Its calculations suggest that even if Omicron causes a less severe hospitalisation rate of 1% or 0.5% compared with Delta's 1.5%, then "stringent national measures'" would be needed by 18 December at the latest.

On the current trajectory of 2.5 days doubling time, and without any further restrictions, the document warns that Omicron cases could be at 248,000 cases a day by 19 December. It also stresses that the figures are not a projection but an estimate of Omicron prevalence and doubling times seen in the UK so far.

The document does not detail what the necessary curbs would be but defines "stringent national measures" as those that bring the R (reproduction) number below 1.

Boris Johnson triggered plan B this week including more wide-ranging mask mandates, asking people to work from home and Covid passports for big venues but a senior Whitehall source said few inside UKHSA believe this will have much effect on slowing the spread of the variant.


Comment: Which basically confirms that mask wearing and Covid passports don't work at containing a virus.


Further measures, now being referred to as plan C, could include stricter isolation requirements for contacts of Covid cases, masks in pubs, shutting hospitality entirely, more restrictions on visitors to care homes and hospitals or even the return of curbs on social contact.

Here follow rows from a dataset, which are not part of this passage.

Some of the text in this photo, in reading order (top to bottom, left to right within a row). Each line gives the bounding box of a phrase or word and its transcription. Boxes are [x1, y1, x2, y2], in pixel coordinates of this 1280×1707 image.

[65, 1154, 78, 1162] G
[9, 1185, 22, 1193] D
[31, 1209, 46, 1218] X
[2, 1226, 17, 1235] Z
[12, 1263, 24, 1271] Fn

Comment: Will UK citizens, who just found out that No 10 threw multiple Christmas parties in 2020 whilst it locked down the rest of the country, allow the government to once again deny them access to their loved ones? Probably.

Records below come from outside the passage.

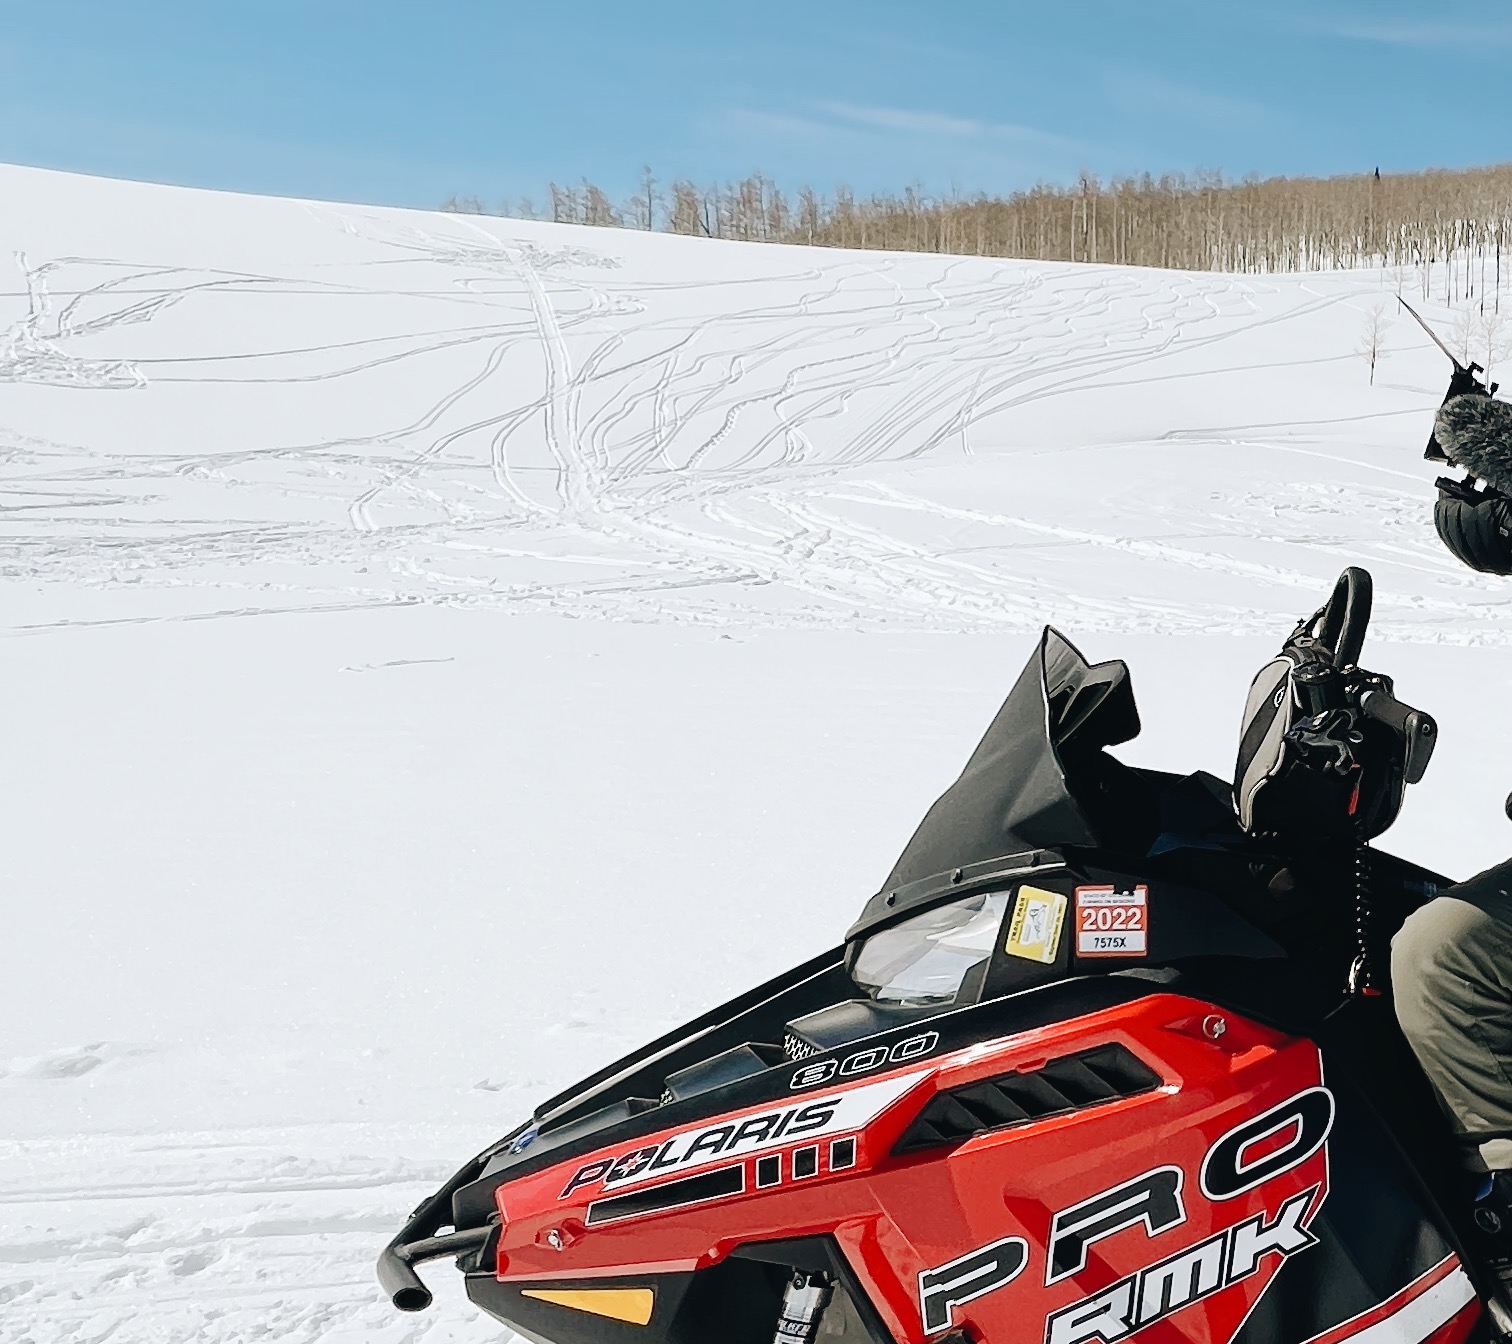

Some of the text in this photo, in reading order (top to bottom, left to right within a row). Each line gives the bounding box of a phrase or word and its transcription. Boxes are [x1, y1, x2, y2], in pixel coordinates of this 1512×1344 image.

[1081, 907, 1143, 931] 2022
[1094, 936, 1127, 949] 7575X
[789, 1030, 940, 1090] 800
[557, 1097, 843, 1200] POLARIS
[918, 1086, 1335, 1336] PRO
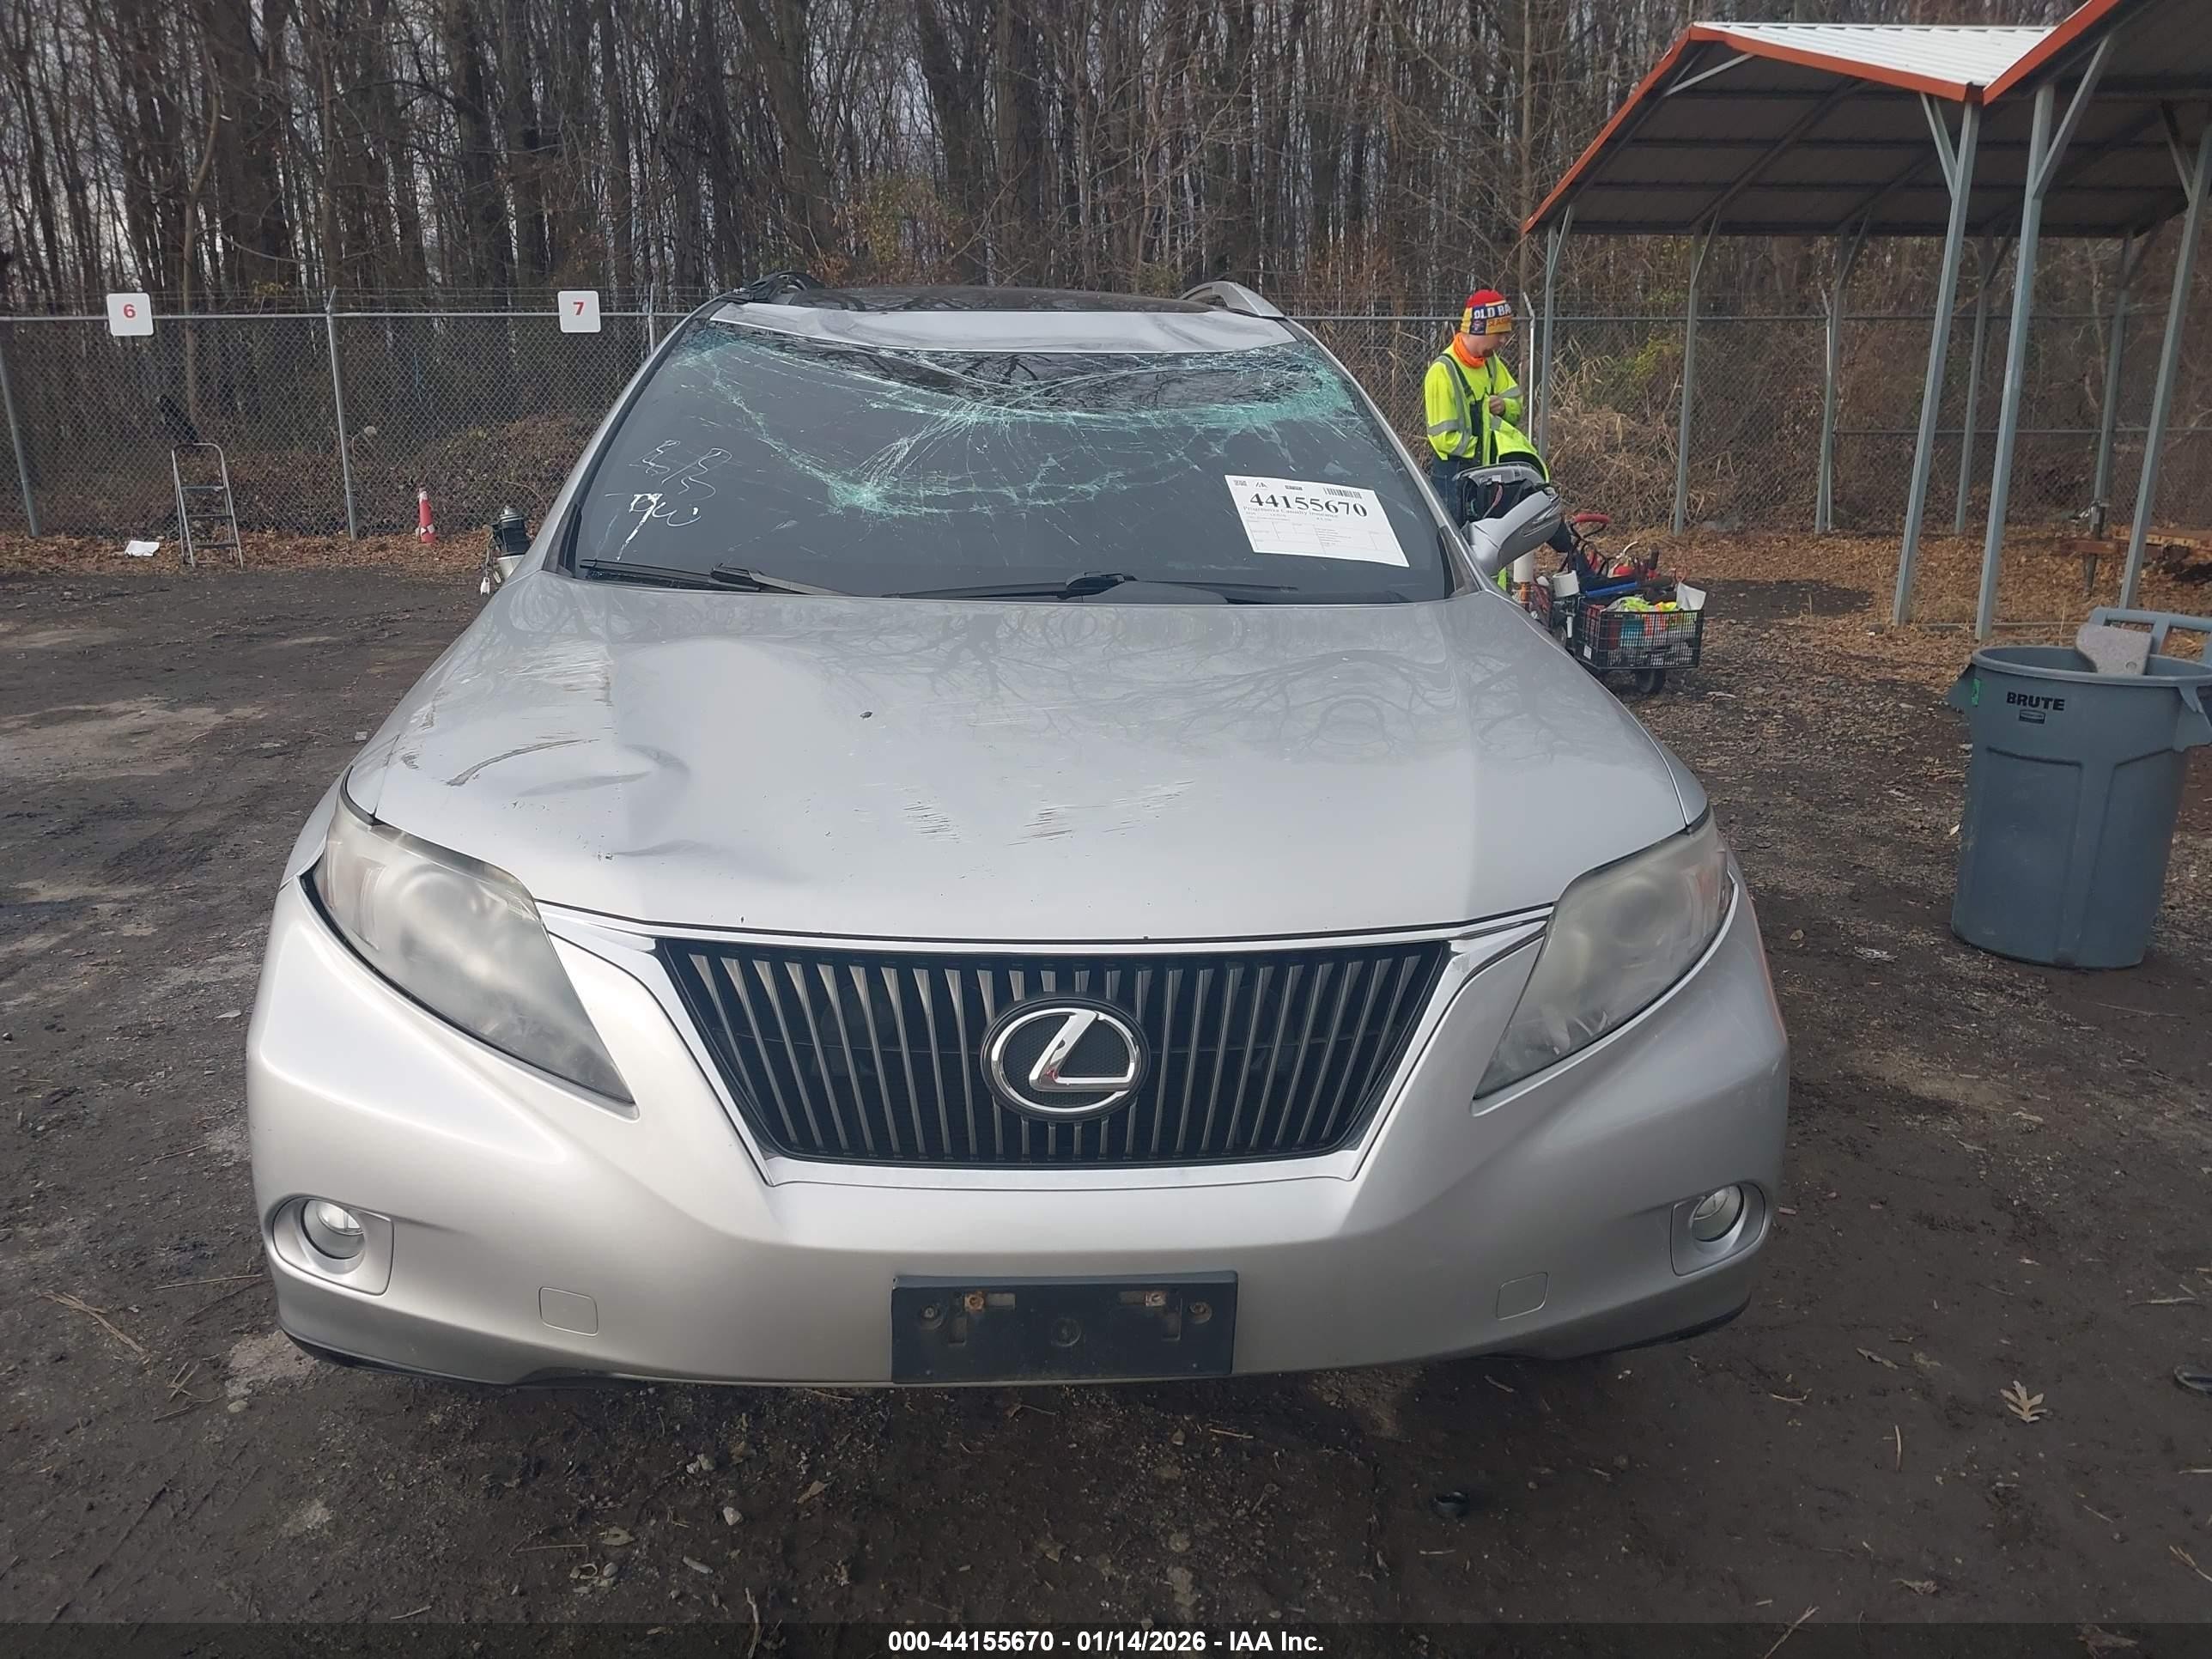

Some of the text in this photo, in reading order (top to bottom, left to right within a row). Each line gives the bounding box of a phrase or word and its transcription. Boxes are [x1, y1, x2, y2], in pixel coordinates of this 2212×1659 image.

[123, 303, 137, 319] 6
[573, 301, 585, 316] 7
[1474, 307, 1496, 319] OLD
[1249, 493, 1368, 517] 44155670
[2007, 691, 2065, 711] BRUTE

As the ministers convened a Cobra meeting to discuss Omicron, the level of concern about the variant is rising among its scientific and public health advisers. There were more than 58,000 new confirmed UK daily cases of Covid on Friday - the highest level since January - with 120 deaths within 28 days of a positive test.


Comment: '120 deaths within 28 days of a positive test' means very little, but it's interesting that they're not even trying to claim that Covid was the sole cause of death anymore.

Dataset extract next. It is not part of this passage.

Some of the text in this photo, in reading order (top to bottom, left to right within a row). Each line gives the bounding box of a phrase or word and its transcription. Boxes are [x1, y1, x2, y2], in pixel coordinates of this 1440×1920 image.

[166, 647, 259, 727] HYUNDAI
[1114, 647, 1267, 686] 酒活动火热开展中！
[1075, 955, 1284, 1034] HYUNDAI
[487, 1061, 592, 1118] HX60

Cobra, which involved the four nations of the UK, was chaired by Gove, the levelling up secretary, as Johnson spent time with his family after the birth of his second child with his wife, Carrie Johnson.


Comment: The same Carrie Johnson, mired in scandal, for throwing her own Christmas party during lockdown, and for trying to damage the careers of two top civil servants, one because they refused to allow Carrie to charge the UK tax payer tens of thousands of pounds in redecoration fees.


He warned that evidence suggests Omicron is "more likely" than past Covid-19 variants to "potentially" lead to hospital admissions among the fully vaccinated.


Comment: Because the vaccines don't work, worse, there's strong evidence that they're actually harming those for whom Covid is harmless: Alarming Increase in Mortality Rates in 2021: Why COVID Shots Are Disproportionately Affecting Young Males (For Now)


Sturgeon warned of a "potential tsunami" of Omicron infections as the new variant brings "the fastest exponential growth we have seen in this pandemic so far". At an unscheduled televised Covid update on Friday, the first minister said that "frankness" with the public was necessary, as the Scottish government published an evidence paper suggesting Omicron is "rising exponentially".

It came as the Welsh government hinted at new restrictions on visiting people in care homes and hospitals to counter the impact of Omicron. The first minister, Mark Drakeford, also suggested it would be wise for businesses and public sector leaders to plan for the possibility of further clampdowns and even a new lockdown.

He said: "We will be issuing new guidance for visiting in care homes and hospitals. We want to do all we can to support visiting where it is safe to do so but, if we see a new wave of cases, some strengthened measures to protect patients and residents may be needed."

A government spokesperson said: "There are no plans for further restrictions. Plan B is the proportionate approach given what we know at this stage about the Omicron variant.